Production Lag: Between the moment a book arrives for review consideration and the review (if any) is published, the lengthiest component in the process is the time required for the designated reviewer to submit his or her review after receiving the book. The editorial office, on average, schedules reviews, articles, and review- essays for publication within 14 weeks after the materials arrive, and after consultation with the Editorial Board, which occurs every 2 months. The journal’s managing editor copyedits and formats all the work received electronically in preparation for publication. The copyedited materials are sent to SAGE for typesetting, and several sets of proofs are corrected prior to publication. The production lag represents the time between receipt of the review and the publication date. The production lag averages 4 months.
Items Published: The breakdown of the items published in Volume 41 contain the following: 242 book reviews, 57 review-essays, 7 critical retrospective essays, 7 comments, 6 editor's remarks, and 120 books reviewed in "Briefly Noted." The total number of items published is 439 and covers a total of 488 books.
Editorial Board Members and Reviewers: Seventeen women and 21 men comprised the editorial board in 2012. This included 13 minorities and 13 foreign editorial board members, including 13 women and 8 men.
Alan Sica, Editor
The year 2012 marked our first year as editors of Contexts. We thank our colleagues at ASA and the ASA Committee on Publications for their support. We are particularly grateful to former editors Doug Hartman and Chris Uggen and the Minnesota editorial team for helping us navigate a smooth editorial transition. During the past year, we have enhanced and broadened the reach of Contexts, making it more visually attractive and reader-friendly—truly the public face of sociology.

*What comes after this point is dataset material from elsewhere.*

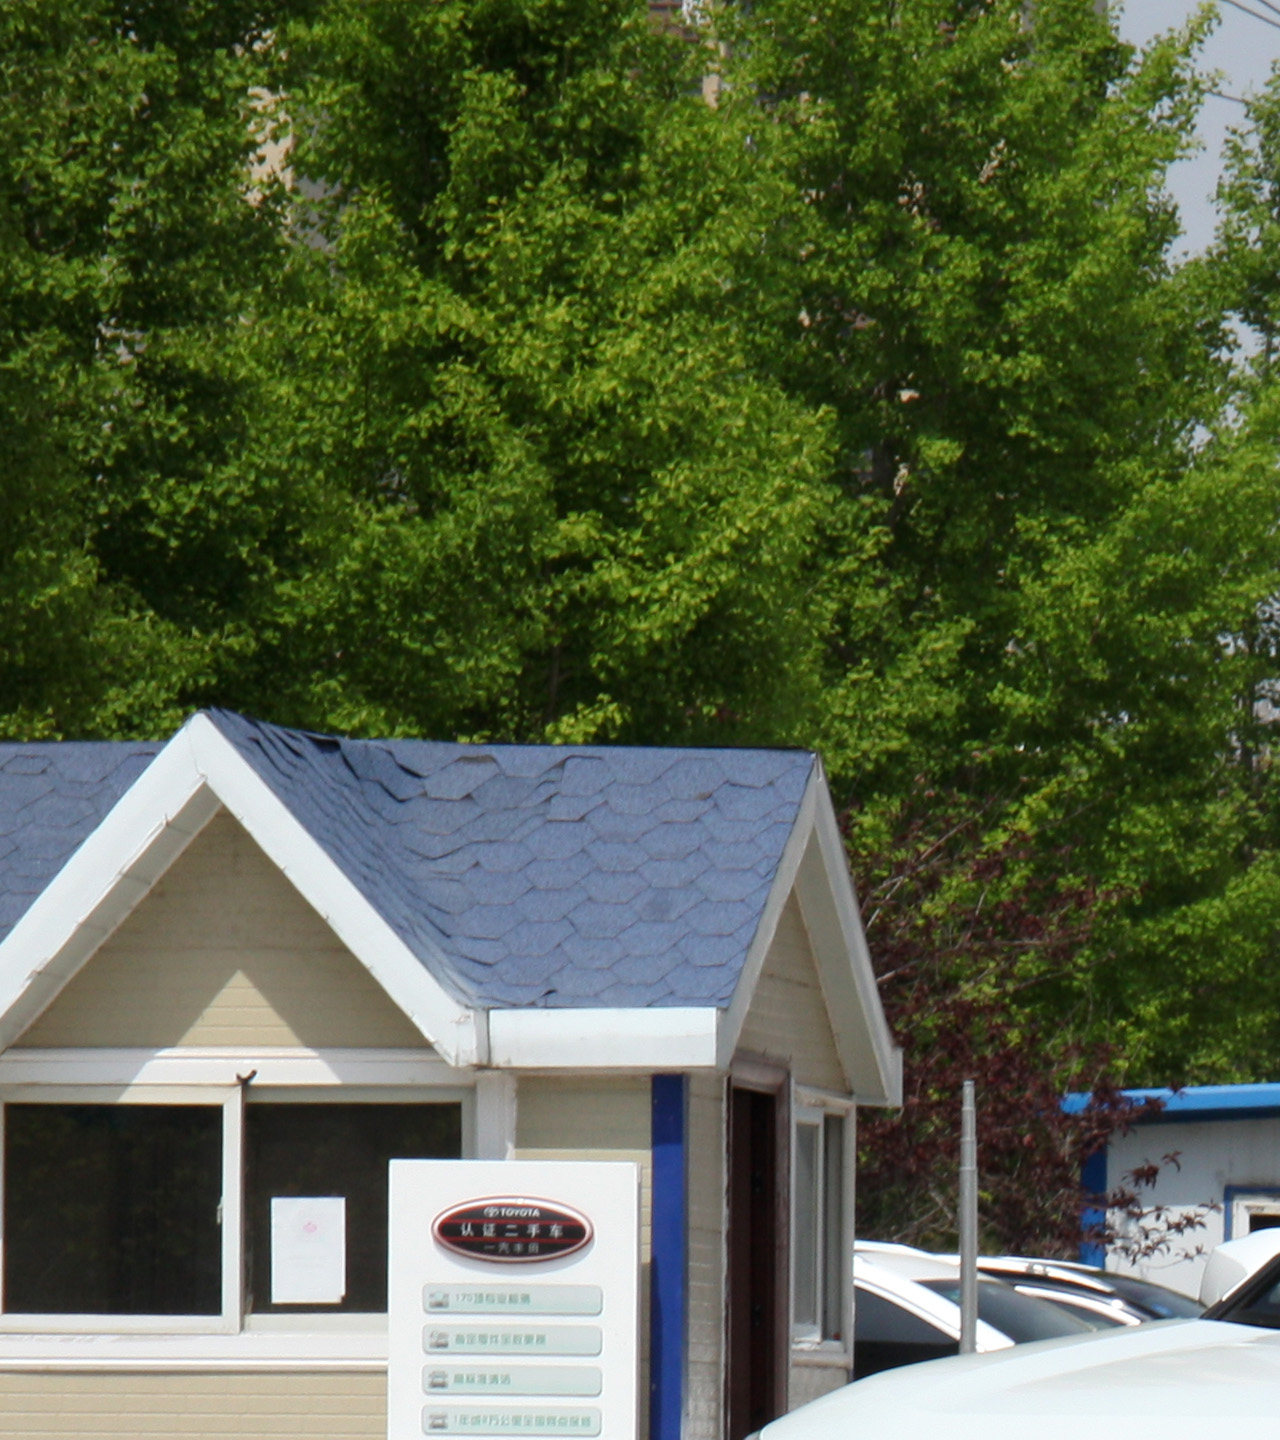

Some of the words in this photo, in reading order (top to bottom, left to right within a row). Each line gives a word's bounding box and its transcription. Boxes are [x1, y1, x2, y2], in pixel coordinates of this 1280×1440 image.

[500, 1207, 541, 1218] TOYOTA
[460, 1222, 564, 1239] 认证二手车

The previous editors passed on a well-managed editorial process. In our first year as editors, we faced the challenge of adapting day-to-day operations to a bi-coastal editorial process. We now have a well-oiled operation, thanks largely to the highly informed and professional work of our managing editor, graduate managing editor, and webmaster. We have also continued to work with the Minnesota design company ThinkDesign with excellent results. Increased funding from ASA for images has enabled us to incorporate more high-quality, original photographs and graphic images. These enhancements have sharpened the unique hybrid style of Contexts; we’ve received many positive comments about its appearance.

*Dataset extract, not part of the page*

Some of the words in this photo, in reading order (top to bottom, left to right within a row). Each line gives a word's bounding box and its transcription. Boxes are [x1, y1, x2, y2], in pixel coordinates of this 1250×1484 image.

We’ve also worked to maintain the appeal and readability of Contexts by updating some of the departments (InBrief, Mediations, and Unplugged) and by adding a few new ones: Pedagogies, Jargon, and Viewpoints. We also regularly run a “What They’re Reading,” or “What They’re Watching,” or “Breakthrough Books” column, soliciting participation from an array of sociologists. These changes reflect our desire to broaden the publication’s appeal by incorporating a wide range of voices and perspectives, including material that is somewhat more personal in tone.

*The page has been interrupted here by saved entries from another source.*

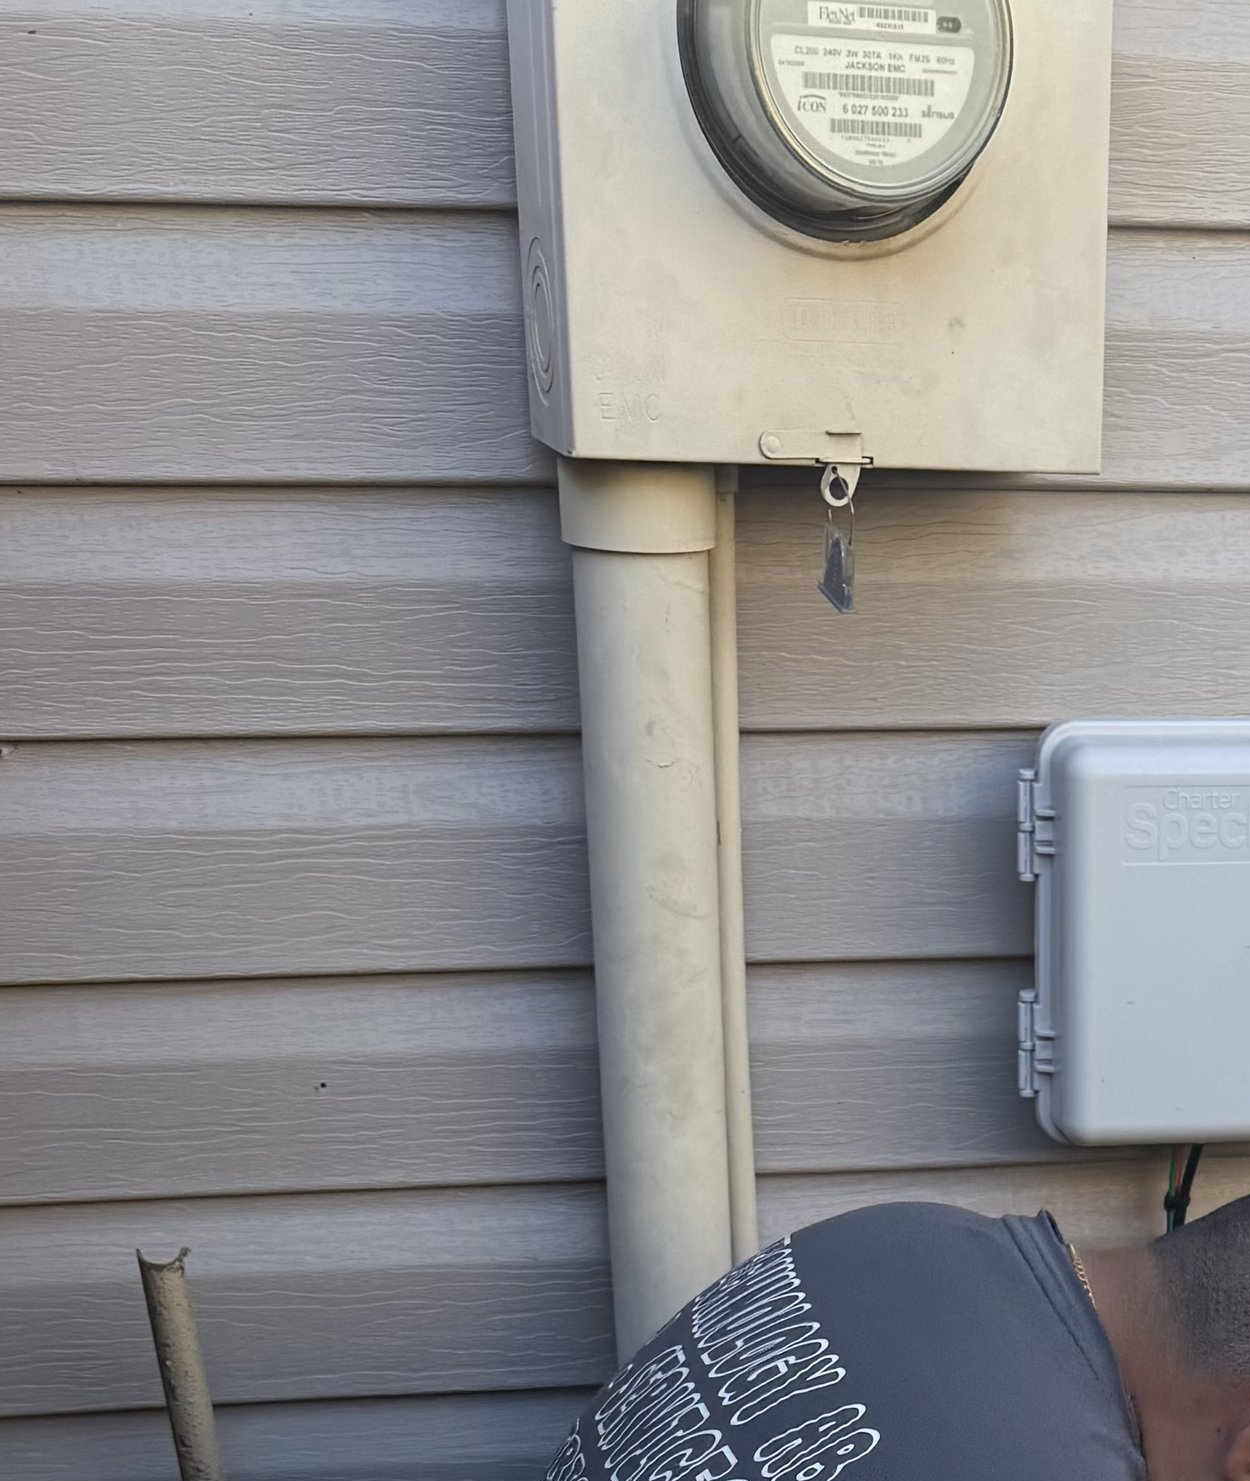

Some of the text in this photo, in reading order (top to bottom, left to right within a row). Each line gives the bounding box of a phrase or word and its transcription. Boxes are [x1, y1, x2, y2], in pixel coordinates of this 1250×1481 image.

[845, 60, 906, 73] JACKSON EMC
[842, 102, 849, 115] 6
[851, 103, 869, 116] 027
[871, 104, 889, 117] 500
[891, 105, 909, 118] 233
[1163, 788, 1240, 810] Charter
[692, 1235, 847, 1426] CHNOLOGY

Those who are familiar with Contexts know that we have a fairly intensive revision and review process. For features, this starts with a proposal, which we then “green-light” or return, submission of a full-length manuscript, peer review, acceptance or rejection, and rewriting and revision, editing, and layout/design. During the past year, we accepted a total of 24 manuscripts for final publication, based on submission of 101 new proposals (and 17 manuscripts carried over from the previous editors). In total, last year we published 98 pieces, 20 of which were peer-reviewed feature articles. The others were a combination of invited and submitted essays and analyses for the various departments. We also published a special issue on higher education, for which we received very positive feedback.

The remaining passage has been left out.